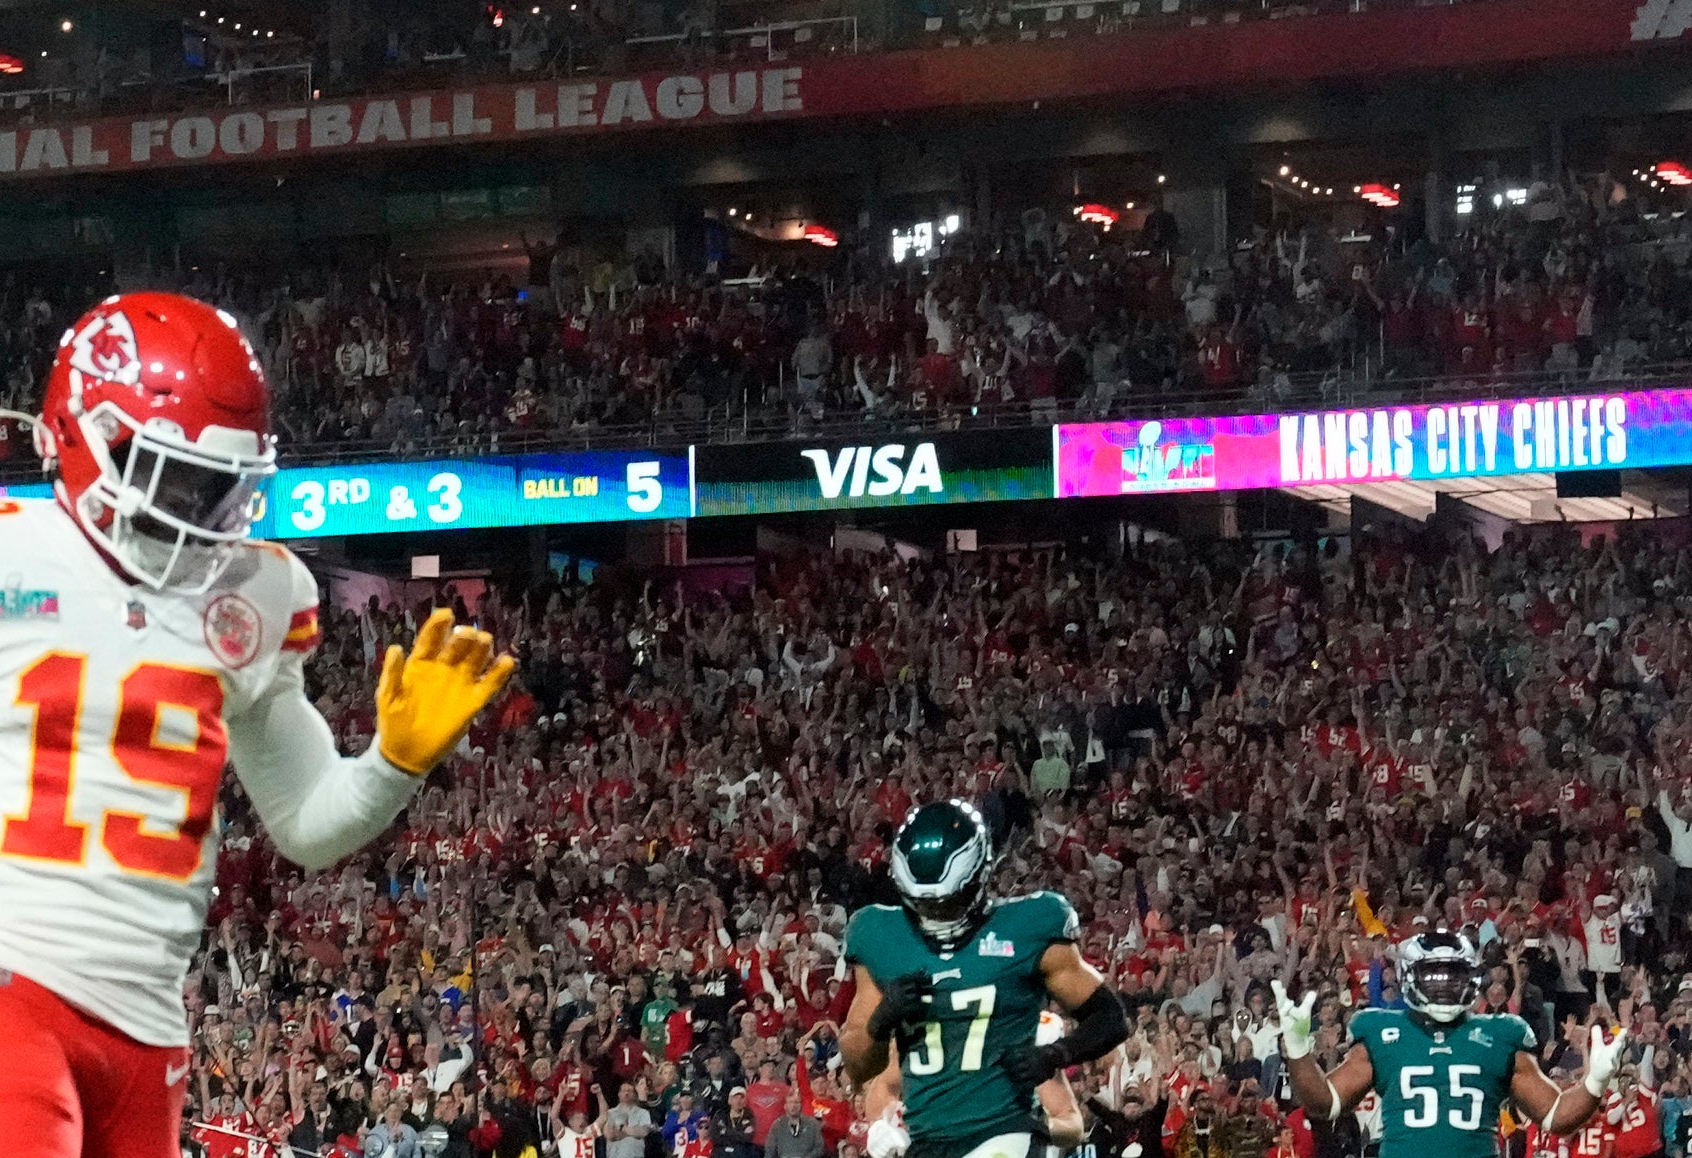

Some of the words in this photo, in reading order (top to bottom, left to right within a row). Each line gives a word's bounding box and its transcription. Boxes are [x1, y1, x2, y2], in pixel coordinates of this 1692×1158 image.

[130, 94, 492, 162] FOOTBALL
[514, 67, 803, 130] LEAGUE
[1279, 409, 1413, 482] KANSAS
[1427, 404, 1498, 474] CITY
[1513, 397, 1627, 469] CHIEFS
[523, 478, 571, 499] BALL
[573, 476, 598, 497] ON
[626, 461, 663, 513] 5
[801, 443, 943, 499] VISA
[427, 472, 463, 523] 3
[1400, 1064, 1484, 1130] 55
[574, 1137, 594, 1158] 15
[1578, 1128, 1601, 1155] 15
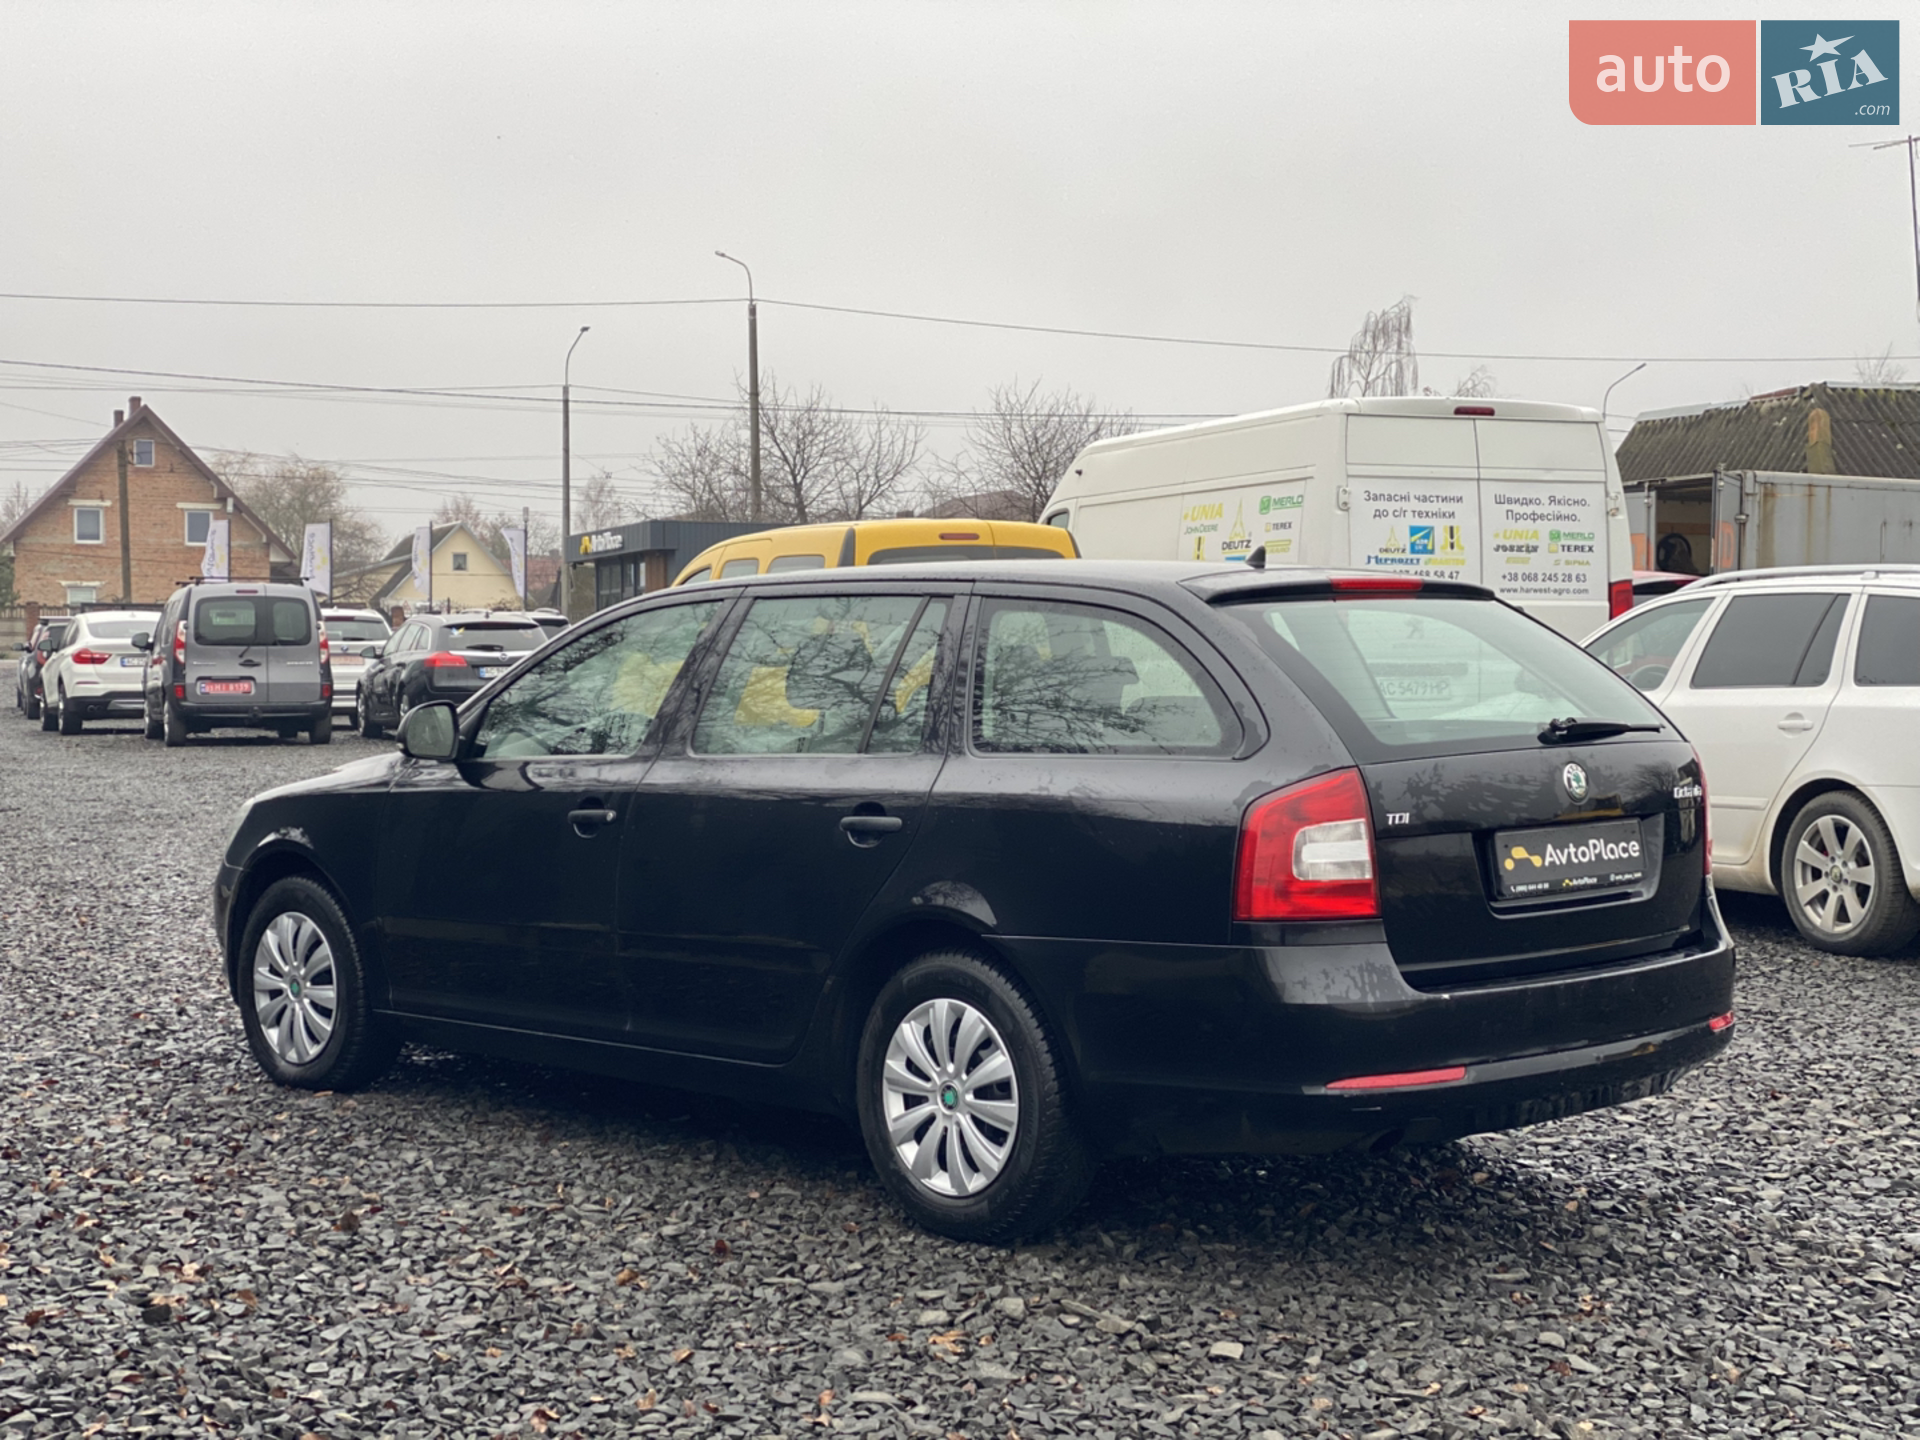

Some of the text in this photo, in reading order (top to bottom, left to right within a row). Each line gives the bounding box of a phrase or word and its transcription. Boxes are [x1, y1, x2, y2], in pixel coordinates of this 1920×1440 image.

Task details =>
The answer must be the listing above, restated word for word, with no images in it.

Response area =>
Some of the words in this photo, in reading order (top to bottom, left to right within a row). Each line gives a word's bounding box and its transcription. Boxes are [x1, y1, x2, y2], in pixel coordinates of this 1692×1158 image.

[130, 94, 492, 162] FOOTBALL
[514, 67, 803, 130] LEAGUE
[1279, 409, 1413, 482] KANSAS
[1427, 404, 1498, 474] CITY
[1513, 397, 1627, 469] CHIEFS
[523, 478, 571, 499] BALL
[573, 476, 598, 497] ON
[626, 461, 663, 513] 5
[801, 443, 943, 499] VISA
[427, 472, 463, 523] 3
[1400, 1064, 1484, 1130] 55
[574, 1137, 594, 1158] 15
[1578, 1128, 1601, 1155] 15

Some of the text in this photo, in reading order (top to bottom, left to right within a row). Each line gives the bounding box of a phrase or word and its transcription. Boxes are [x1, y1, x2, y2], in pixel coordinates of this 1920×1440 image.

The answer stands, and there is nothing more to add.